To do: All records must be quoted exactly. Omit the pictures.

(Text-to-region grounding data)
--- START ---
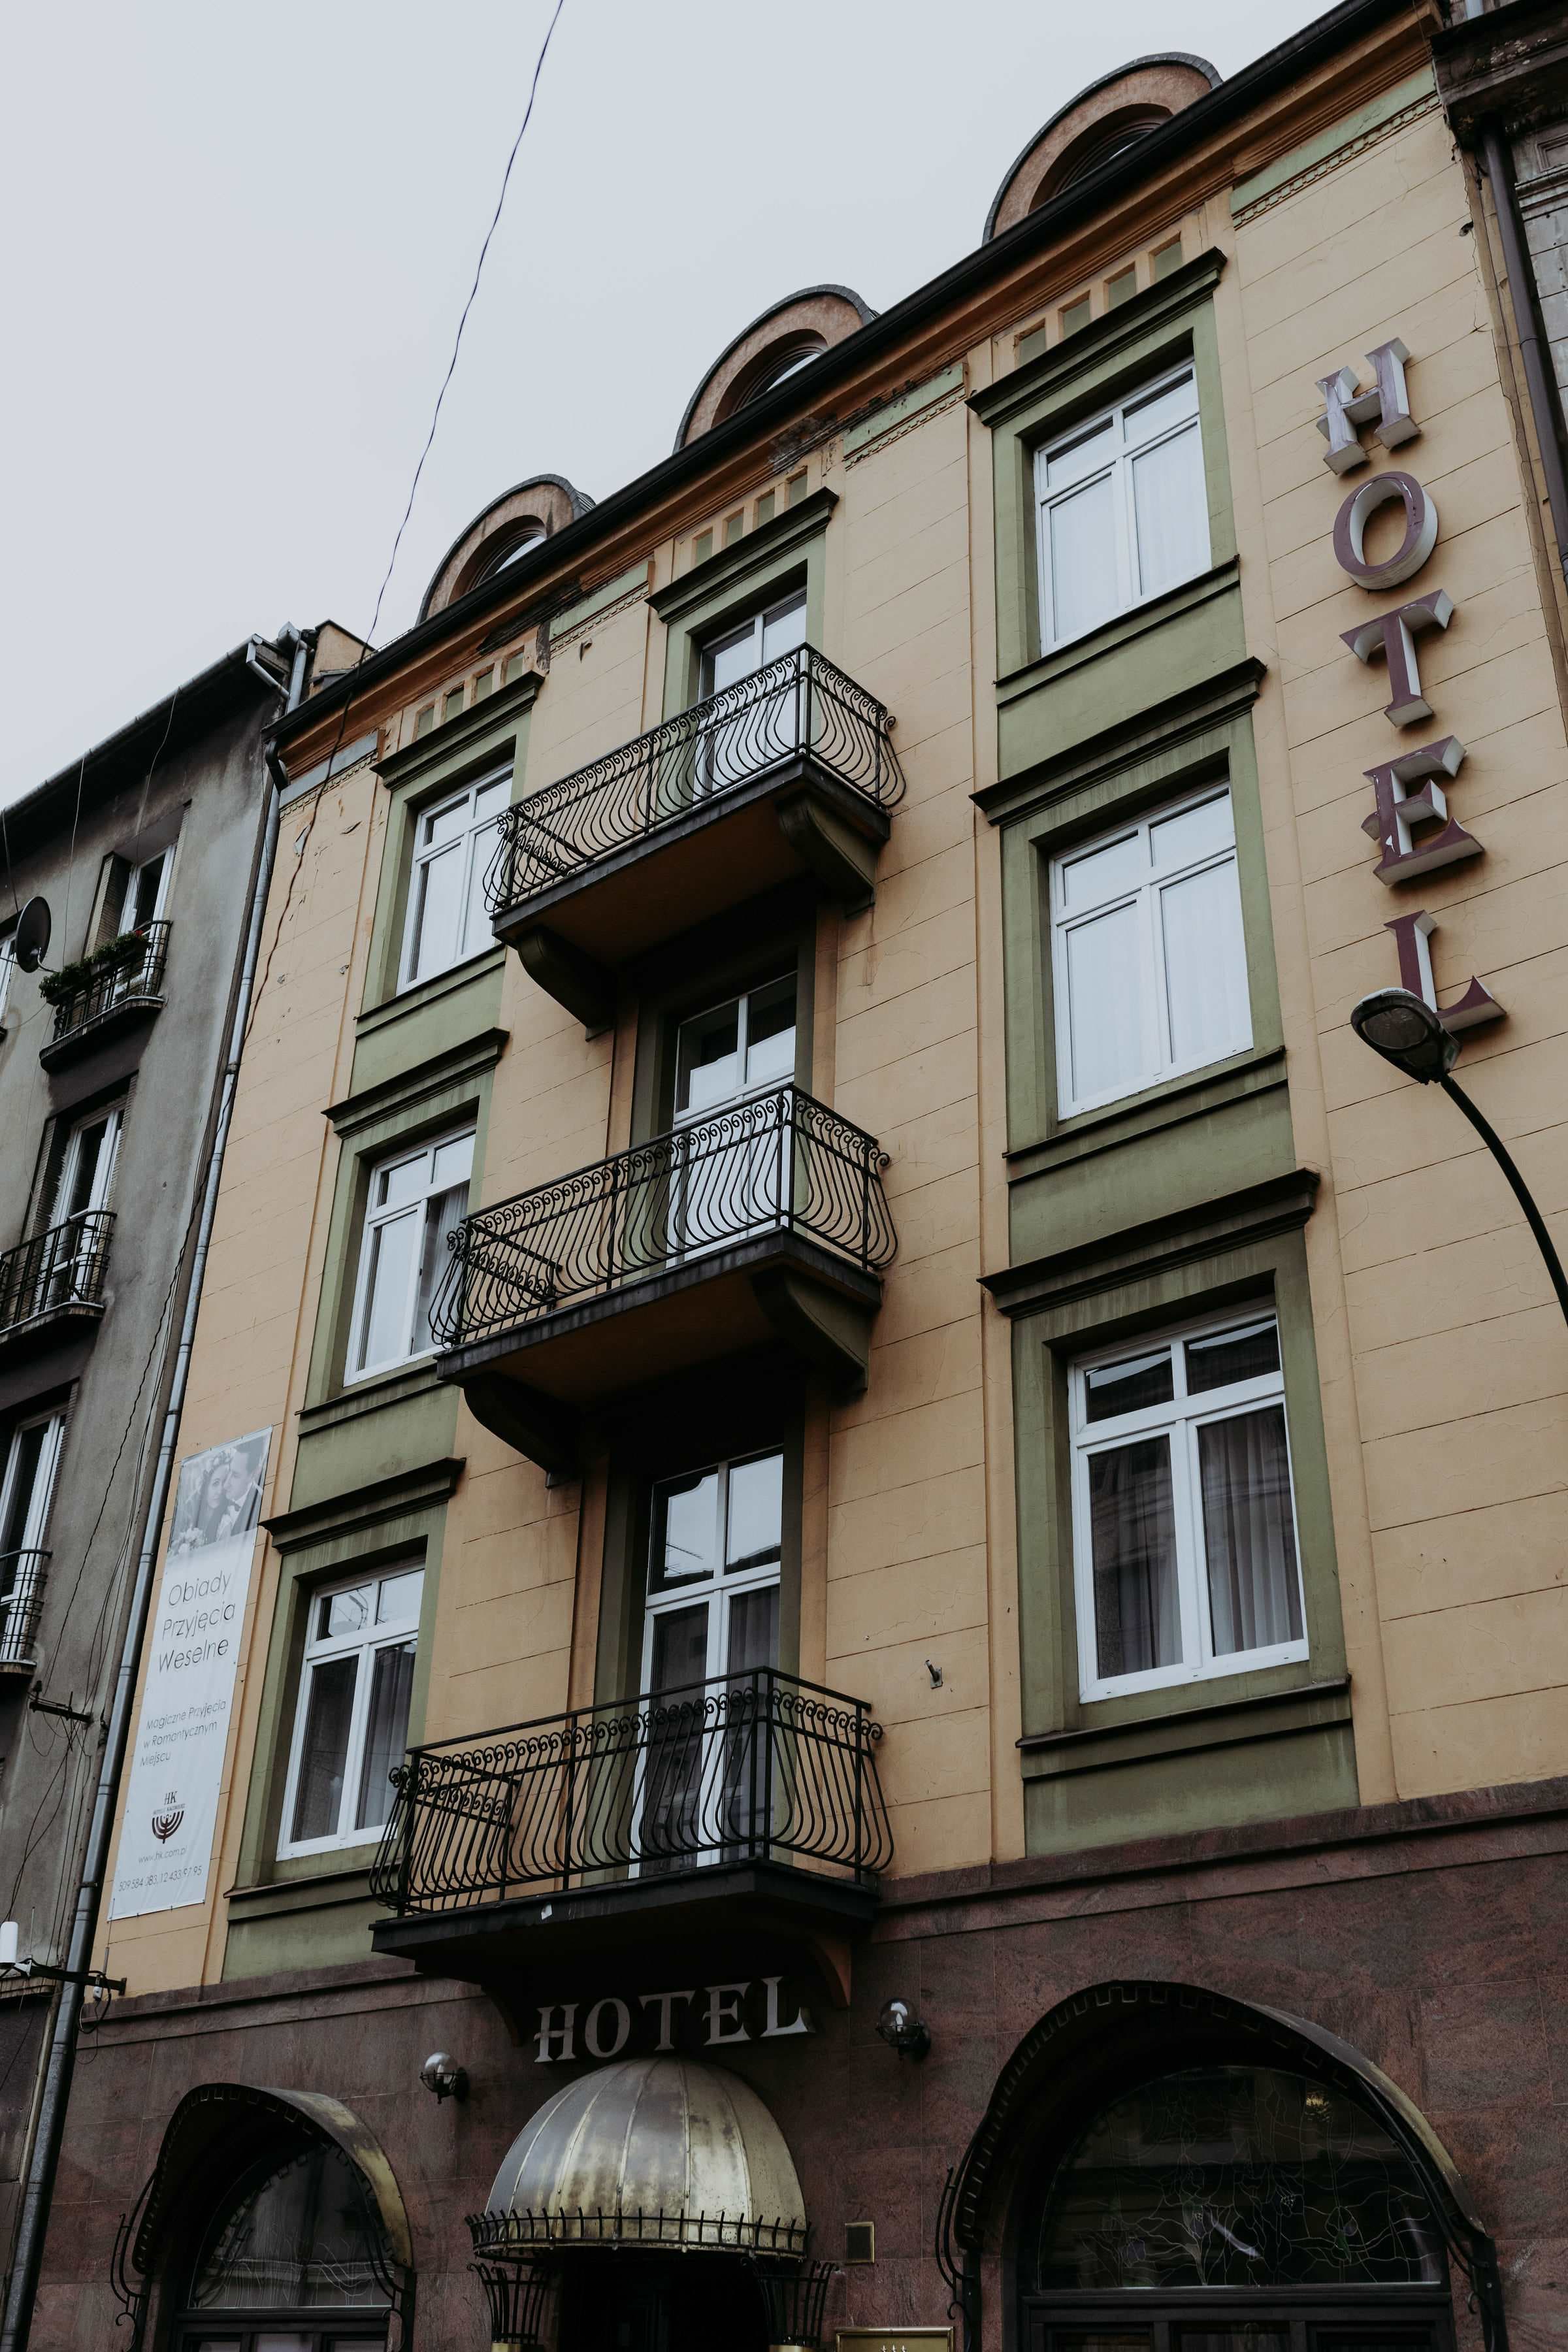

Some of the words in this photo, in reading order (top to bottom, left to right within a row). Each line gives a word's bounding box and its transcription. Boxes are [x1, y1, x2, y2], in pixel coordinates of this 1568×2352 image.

[1315, 336, 1507, 1031] HOTEL
[169, 1570, 231, 1606] Obiady
[163, 1601, 235, 1640] Przyjęcia
[159, 1639, 229, 1673] Weselne
[143, 1740, 151, 1749] w
[152, 1721, 218, 1746] Romantycznym
[146, 1714, 186, 1730] Magiczne
[140, 1751, 171, 1767] Miejscu
[164, 1791, 178, 1805] HK
[534, 1976, 810, 2063] HOTEL
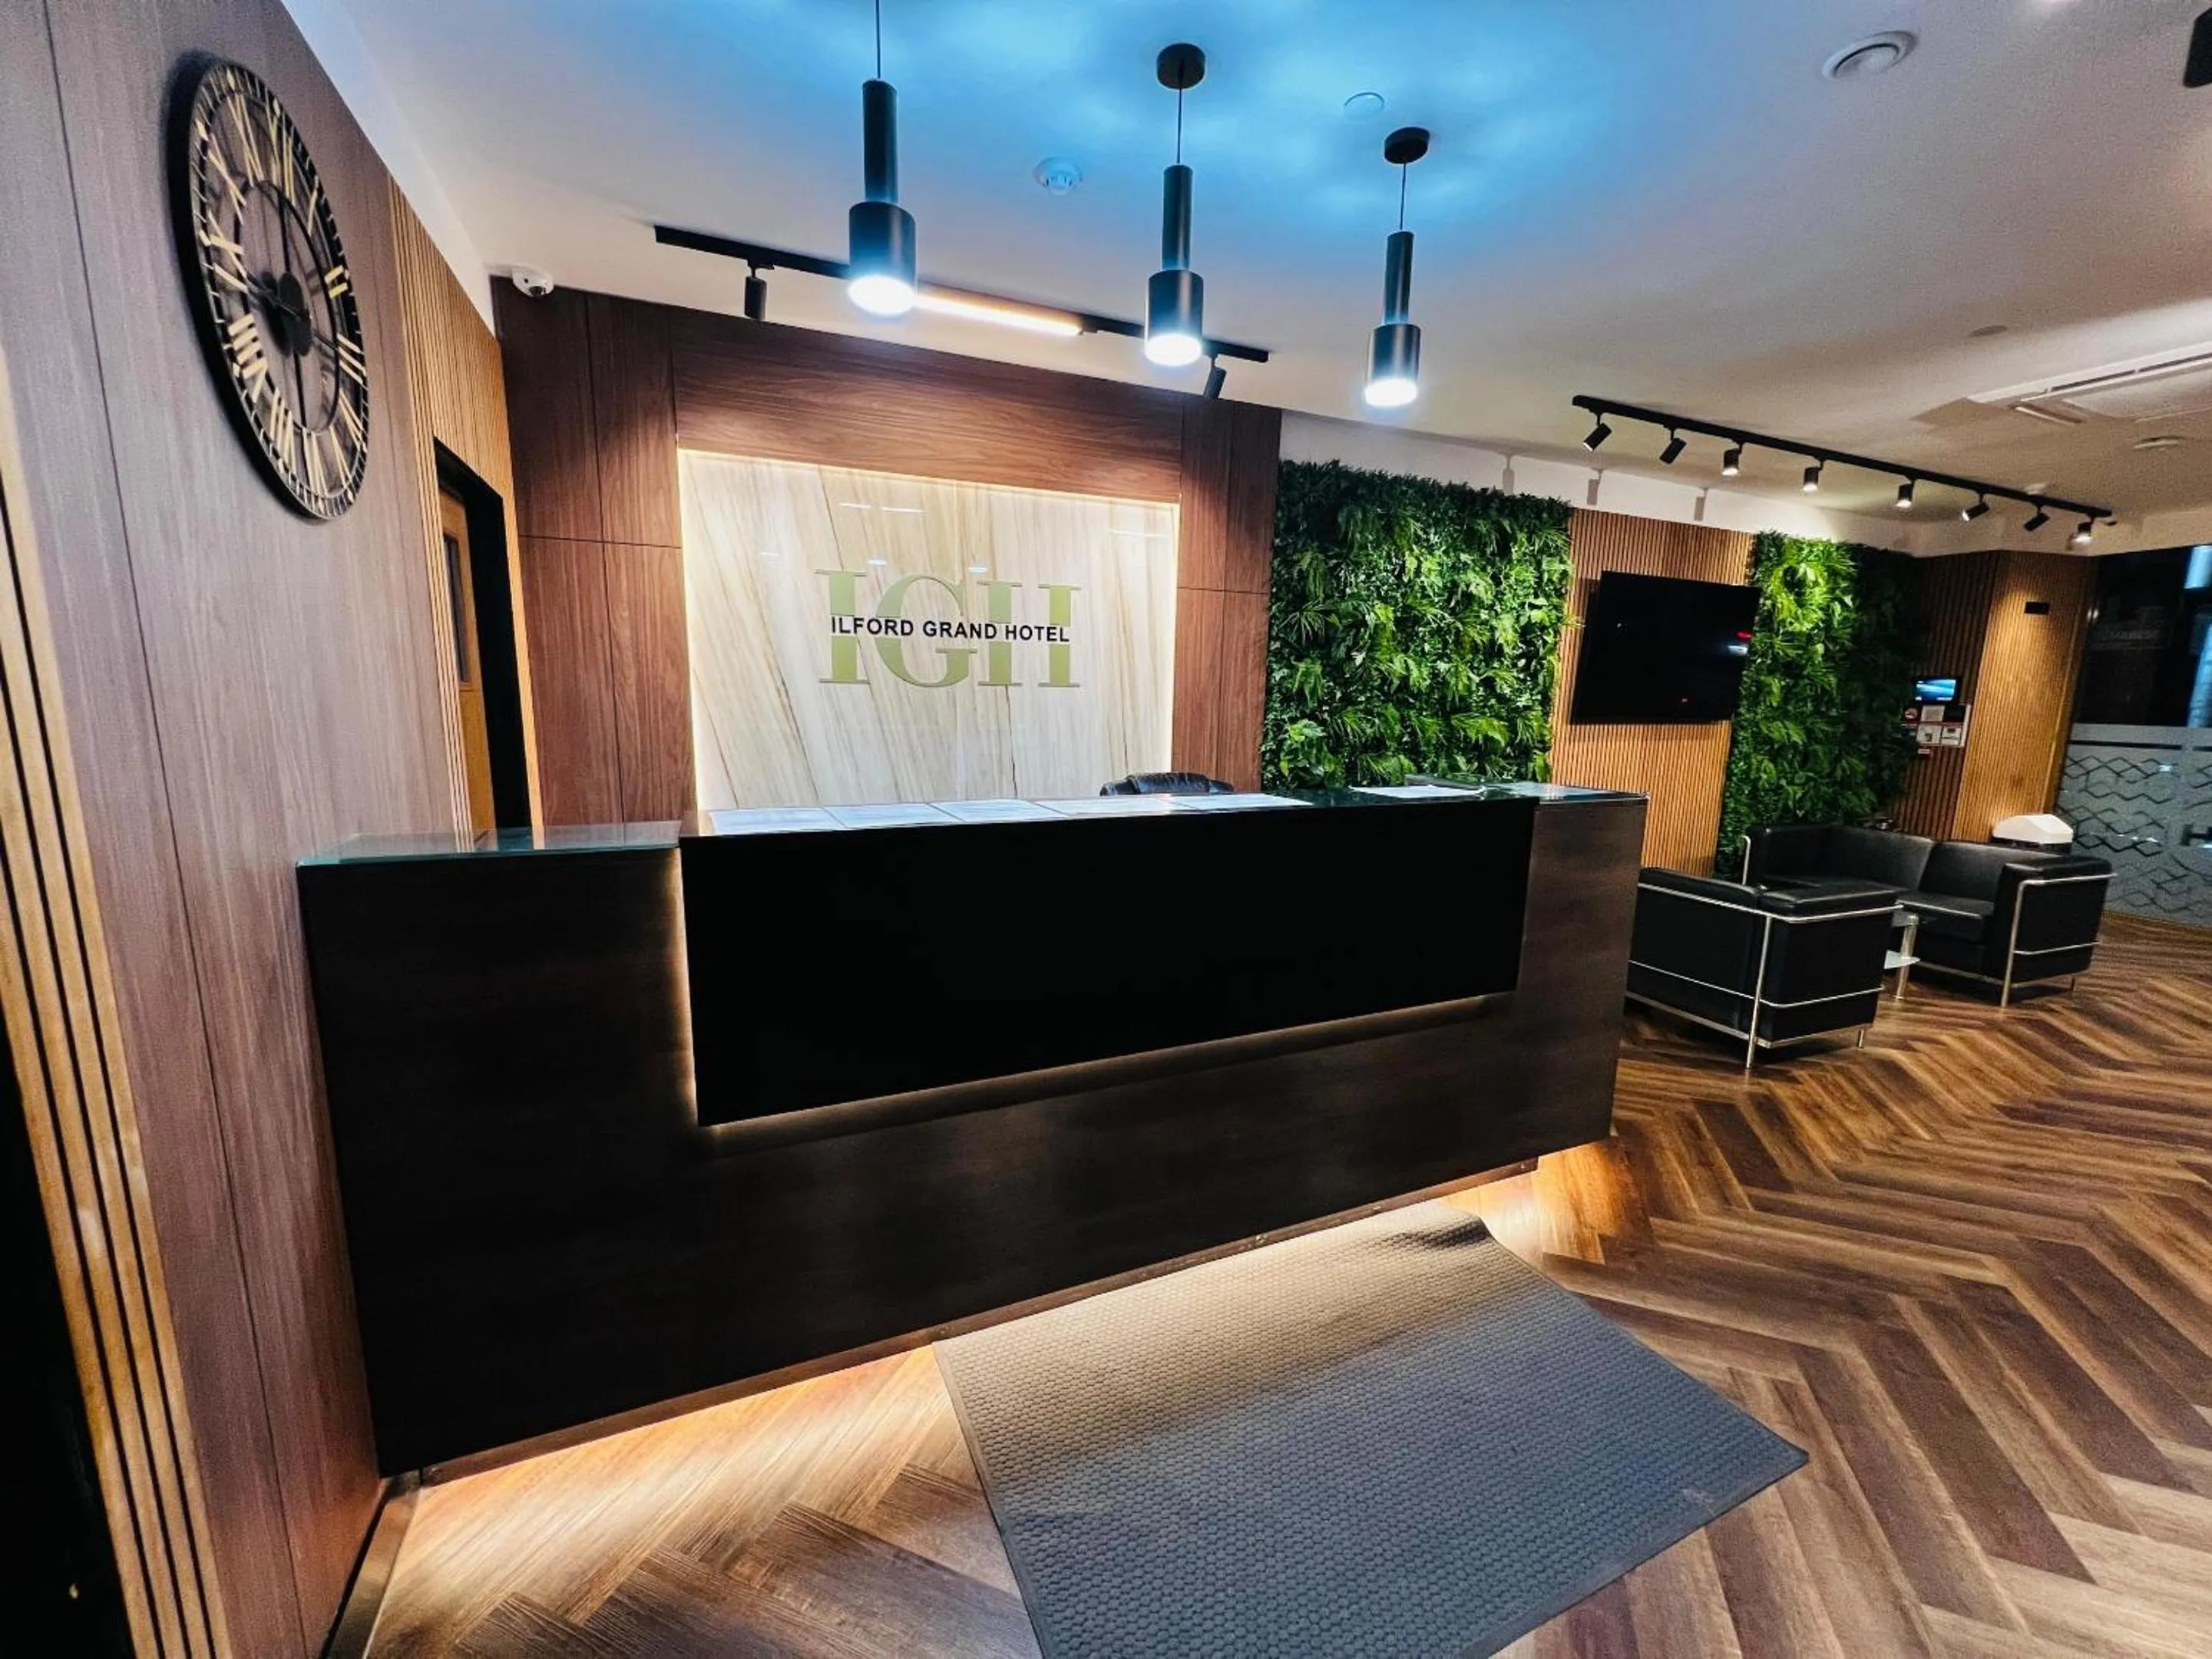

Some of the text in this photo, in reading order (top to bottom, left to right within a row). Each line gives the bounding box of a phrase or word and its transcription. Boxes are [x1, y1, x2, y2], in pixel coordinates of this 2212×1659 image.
--- END ---
The answer:
Some of the words in this photo, in reading order (top to bottom, left to right within a row). Each line gives a word's bounding box and its transcription. Boxes are [x1, y1, x2, y2], in pixel coordinates of this 1568×2352 image.

[1315, 336, 1507, 1031] HOTEL
[169, 1570, 231, 1606] Obiady
[163, 1601, 235, 1640] Przyjęcia
[159, 1639, 229, 1673] Weselne
[143, 1740, 151, 1749] w
[152, 1721, 218, 1746] Romantycznym
[146, 1714, 186, 1730] Magiczne
[140, 1751, 171, 1767] Miejscu
[164, 1791, 178, 1805] HK
[534, 1976, 810, 2063] HOTEL

Some of the text in this photo, in reading order (top to bottom, left to right within a row). Each line gives the bounding box of a phrase or word and its transcription. Boxes are [x1, y1, x2, y2], in pixel coordinates of this 2212×1659 image.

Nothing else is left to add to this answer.